E-readers are one of the biggest trends in technology right now, but it took some time for researchers to figure out the best way to make them display. Some of the biggest problems were glare from sunlight and battery life. To fix it, Qualcomm MEMS Technologies spent some time looking at butterflies. Their beautiful wings get some of their color by reflecting bright light, so the company copied the gleam and created color that reflected instead of transmitted light.

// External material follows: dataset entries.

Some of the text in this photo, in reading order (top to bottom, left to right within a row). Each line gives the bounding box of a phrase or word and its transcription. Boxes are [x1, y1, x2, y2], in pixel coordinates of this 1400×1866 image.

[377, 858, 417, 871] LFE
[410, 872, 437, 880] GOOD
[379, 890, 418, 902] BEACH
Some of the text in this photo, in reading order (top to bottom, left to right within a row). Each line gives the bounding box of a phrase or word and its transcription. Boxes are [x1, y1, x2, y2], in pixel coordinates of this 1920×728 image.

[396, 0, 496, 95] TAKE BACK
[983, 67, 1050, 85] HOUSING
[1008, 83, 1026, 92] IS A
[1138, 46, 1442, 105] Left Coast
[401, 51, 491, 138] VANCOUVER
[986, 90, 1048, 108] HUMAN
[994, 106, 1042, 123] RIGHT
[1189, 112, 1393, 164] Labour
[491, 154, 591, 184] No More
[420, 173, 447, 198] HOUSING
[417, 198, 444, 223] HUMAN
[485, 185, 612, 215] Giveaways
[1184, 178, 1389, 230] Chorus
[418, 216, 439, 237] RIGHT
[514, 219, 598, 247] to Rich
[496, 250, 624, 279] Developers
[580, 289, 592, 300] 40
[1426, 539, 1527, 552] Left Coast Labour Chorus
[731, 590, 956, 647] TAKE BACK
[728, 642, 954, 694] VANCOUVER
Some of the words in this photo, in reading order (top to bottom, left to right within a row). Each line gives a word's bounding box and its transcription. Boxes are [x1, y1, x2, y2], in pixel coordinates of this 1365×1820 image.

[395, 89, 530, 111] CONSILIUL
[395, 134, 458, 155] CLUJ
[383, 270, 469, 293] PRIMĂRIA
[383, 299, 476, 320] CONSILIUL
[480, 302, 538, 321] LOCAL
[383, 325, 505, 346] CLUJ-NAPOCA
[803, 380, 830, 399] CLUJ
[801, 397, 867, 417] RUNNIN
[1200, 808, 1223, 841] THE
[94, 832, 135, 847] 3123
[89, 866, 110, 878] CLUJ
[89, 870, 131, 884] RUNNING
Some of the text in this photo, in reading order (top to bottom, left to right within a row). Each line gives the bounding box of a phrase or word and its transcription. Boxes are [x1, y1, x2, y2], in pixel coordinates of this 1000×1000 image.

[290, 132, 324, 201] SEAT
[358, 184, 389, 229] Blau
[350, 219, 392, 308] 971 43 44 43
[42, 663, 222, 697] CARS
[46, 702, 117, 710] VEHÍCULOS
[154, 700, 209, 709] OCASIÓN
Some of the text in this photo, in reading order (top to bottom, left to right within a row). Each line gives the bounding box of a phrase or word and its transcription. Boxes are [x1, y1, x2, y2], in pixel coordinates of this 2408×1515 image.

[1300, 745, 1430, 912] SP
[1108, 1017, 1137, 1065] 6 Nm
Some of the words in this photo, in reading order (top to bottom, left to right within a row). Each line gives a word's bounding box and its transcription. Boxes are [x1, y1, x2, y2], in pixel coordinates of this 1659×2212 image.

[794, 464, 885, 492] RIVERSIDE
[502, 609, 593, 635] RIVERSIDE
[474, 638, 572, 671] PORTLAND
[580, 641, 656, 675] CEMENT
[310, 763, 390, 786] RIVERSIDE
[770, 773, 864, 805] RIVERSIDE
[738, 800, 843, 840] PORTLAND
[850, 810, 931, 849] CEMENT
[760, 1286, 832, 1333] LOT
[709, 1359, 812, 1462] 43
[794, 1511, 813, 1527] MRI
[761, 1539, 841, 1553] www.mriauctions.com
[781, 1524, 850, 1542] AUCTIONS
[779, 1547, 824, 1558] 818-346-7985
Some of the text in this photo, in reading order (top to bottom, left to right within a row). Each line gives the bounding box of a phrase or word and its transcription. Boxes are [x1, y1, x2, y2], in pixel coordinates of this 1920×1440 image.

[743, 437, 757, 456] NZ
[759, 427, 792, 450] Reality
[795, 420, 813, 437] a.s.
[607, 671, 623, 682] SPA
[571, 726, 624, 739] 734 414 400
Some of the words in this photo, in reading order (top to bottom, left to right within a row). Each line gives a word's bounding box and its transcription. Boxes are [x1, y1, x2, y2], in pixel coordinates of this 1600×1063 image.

4. More effective wind turbines

Many companies are working on creating renewable energy sources, and one of the most popular today is wind power. Frank Fish is a marine biologist who noticed that humpback whales have some traits that seem counter-intuitive, including bumps along the forward edge of their flippers. Hydrodynamics suggests this would create more drag. So Fish tested the design and found it actually made the flippers more aerodynamic. He went on to apply the findings to wind turbines and made them 20% more efficient.

5. Shark skin plastic wrap

One of the most important medical discoveries ever was the discovery that hygiene was hugely important to preventing diseases from spreading. Unfortunately, even with that knowledge, many medical professionals still end up spreading bacteria and viruses inadvertently. But Tony Brennan discovered something amazing in 2003: shark skin manages to remain completely clean of algae, slime, and barnacles thanks to tiny scales. He used the design to create a plastic wrap that is successfully keeping light switches, monitors, and handles in hospitals clear of germs.

6. Natural ventilation

Some places are just too hot to make air conditioning a sound financial decision, but in Zimbabwe, the designers of the Eastgate building came up with a better way to control the climate. They looked at termite mounds and found that with a simple air exchange system the mounds didn’t change temperature, no matter what the climate outside. So they built the building with ventilation to pull cool air in from the bottom of the building, with cavities under the floor slabs to cool the building, and with angled walls and windows to keep the sun off.

7. Tokyo’s railway system

In an amazing bit of research, Japanese scientists found that slime mold will always grow in the optimal way towards food sources, meaning that it creates the most efficient way to transport nutrients. They used the amazing ability to create the best possible layout for Tokyo’s railway system by placing the mold on a map of the city and adding an oat flake on each station. The final product was quite similar to the actual railway system that had been made with a computer simulation. Researchers look forward to using the mold as a better alternative in the future.

8. Gecko tape

Geckos have the fairly awesome ability to climb up completely vertical surfaces thanks to a plethora of tiny hairs that create tension against all the surface irregularities of a wall. Researchers have found that they can mimic this in tape form so that people can stick objects to walls and peel them off without losing the adhesive properties of the tape. They even imagine people being able to climb walls with the special tape.

9. Dirt resistant paint

Keeping things clean is a big priority of inventors, and after the shark skin plastic wrap, inventors have been looking for more inspiration. Ispo, a German company, found what they were looking for in the lotus flower. Thanks to a surface that is textured similarly to shark skin, the petals are always completely clean, even of specks of dust. The company has since created a paint that copies the flower and keeps the walls squeaky clean.